Le problème qui intéresse plus particulièrement le GISTI est l'accès effectif au droit. La première étape de la procédure de tri est un entretien, dont l'objet est de savoir si ces personnes sont susceptibles ou non d'être renvoyées vers la Turquie. Le problème est qu'elles ne connaissent pas l'objet réel de cet entretien et pensent, souvent, qu'il s'agit d'un entretien préalable à l'octroi de l'asile : elles expriment leurs craintes ou narrent leur expérience de persécution dans la perspective d'une demande de protection ; en revanche, elles ne pensent pas en général à mentionner la Turquie et les risques qu'elles sont susceptibles d'y encourir. Elles peuvent en outre être renvoyées par la Turquie dans leur pays d'origine ; de tels retours ont eu lieu, en tout cas vers l'Afghanistan, postérieurement à la conclusion de l'accord UE-Turquie.
Durant l'entretien, ces personnes ne sont pas assistées par un conseil ou un avocat ; il est par ailleurs difficile de juger de la qualité des interprètes employés par les autorités grecques. La plupart des documents remis aux réfugiés sont en grec ; une minorité d'entre eux est traduite en anglais. J'ai ici le compte rendu d'un entretien, qui montre que la personne n'a pas été interrogée quant aux risques potentiels de son renvoi en Turquie. Il lui est simplement notifié par un agent, par le biais d'un interprète, que sa demande est non-admissible parce que la Turquie est considérée comme un pays tiers sûr.

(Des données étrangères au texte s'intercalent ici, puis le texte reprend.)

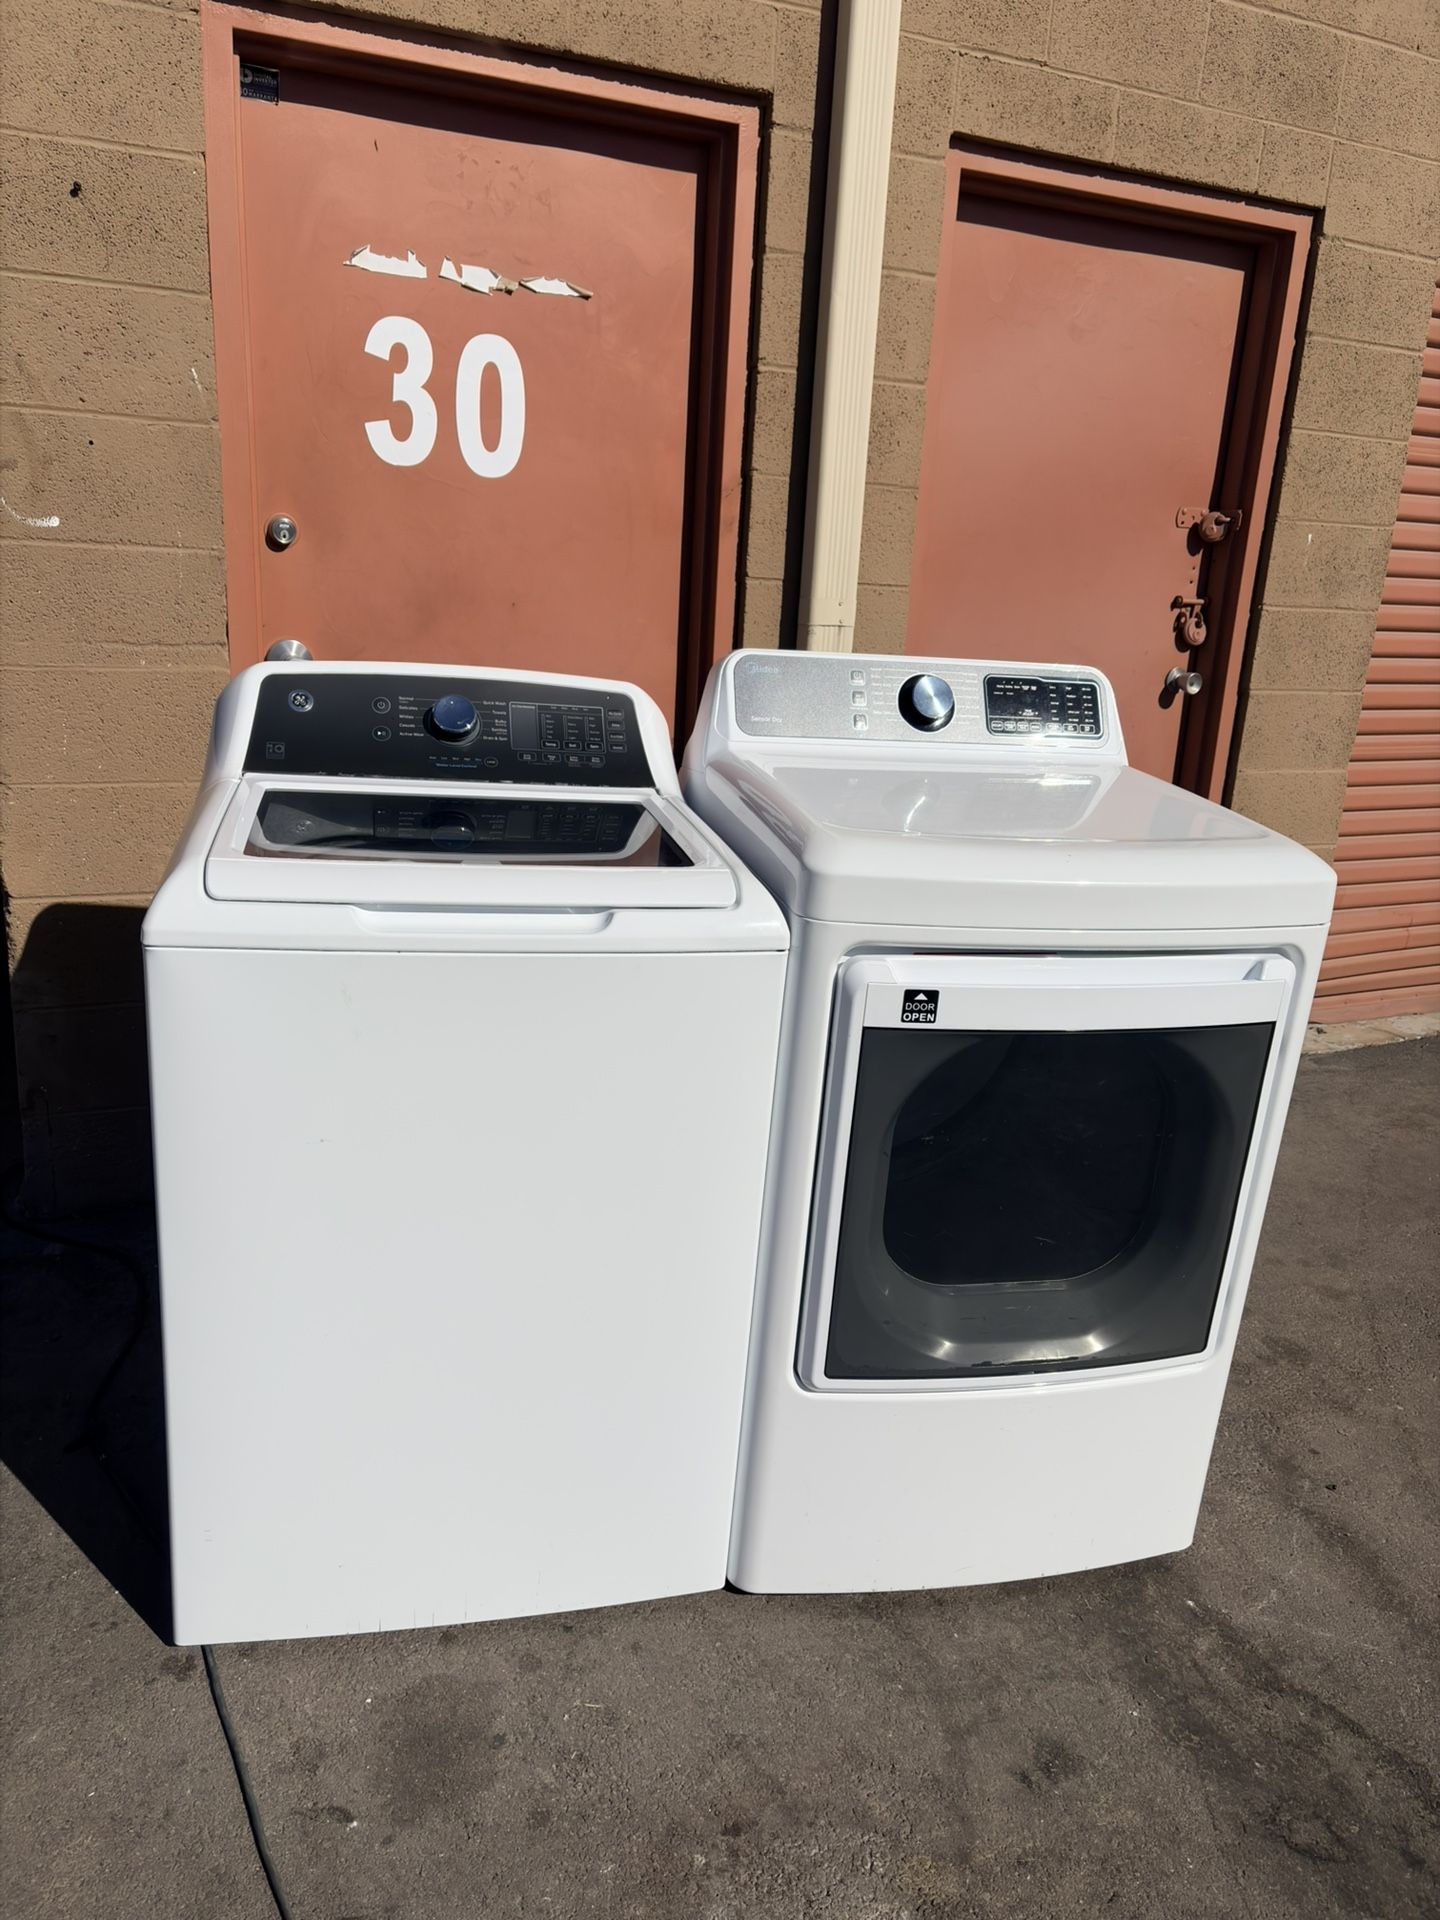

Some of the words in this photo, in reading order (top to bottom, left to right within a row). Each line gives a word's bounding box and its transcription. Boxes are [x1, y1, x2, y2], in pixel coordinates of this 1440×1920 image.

[364, 315, 526, 478] 30
[905, 1003, 935, 1011] DOOR
[903, 1012, 935, 1022] OPEN

Le problème essentiel qui se pose dans tous les camps grecs est l'absence d'aide juridictionnelle effective. Une réforme de la législation grecque sur ce sujet a été adoptée voici quelques semaines. Il est désormais prévu un système d'aide juridictionnelle mais celui-ci n'a pas encore été mis en place et aucun budget n'y a été alloué. Les avocats qui voudraient engager des contentieux en faveur de migrants ou, tout au moins, les assister lors des entretiens, le font sans aucune indemnité compensatoire, difficile à envisager dans un pays qui connaît l'austérité que vous connaissez.

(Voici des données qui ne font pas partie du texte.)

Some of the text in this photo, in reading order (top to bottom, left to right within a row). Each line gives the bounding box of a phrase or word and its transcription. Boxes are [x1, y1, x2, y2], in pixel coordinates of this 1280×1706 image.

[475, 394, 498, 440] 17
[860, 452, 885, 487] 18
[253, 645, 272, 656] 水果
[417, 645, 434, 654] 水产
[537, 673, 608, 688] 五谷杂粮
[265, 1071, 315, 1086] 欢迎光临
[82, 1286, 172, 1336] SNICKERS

Ces circonstances produisent les effets prévisibles. Les réfugiés se voient déclarés « non recevables » à l'asile et risquent le renvoi vers la Turquie. Cela concerne non seulement les Syriens mais aussi des représentants de nombreuses autres nationalités. En admettant que la Turquie, aujourd'hui, ne renvoie personne vers la Syrie, il est à craindre qu'elle ne renvoie, en revanche, vers leur pays d'origine des personnes qui auraient à y craindre des persécutions.
Les conditions qui règnent dans les camps engendrent du désespoir. Un membre du GISTI a assisté au suicide d'un mineur par pendaison, qui a donné lieu à une grève de la faim d'autres jeunes occupants du camp. Nous sommes bien à l'aube d'une « catastrophe humanitaire » ; la catastrophe juridique, quant à elle, est déjà en cours. Les droits humains les plus fondamentaux, reconnus par l'Union européenne et ses membres, sont bafoués. Le manque de contrôle démocratique de l'accord UE-Turquie me choque lui aussi.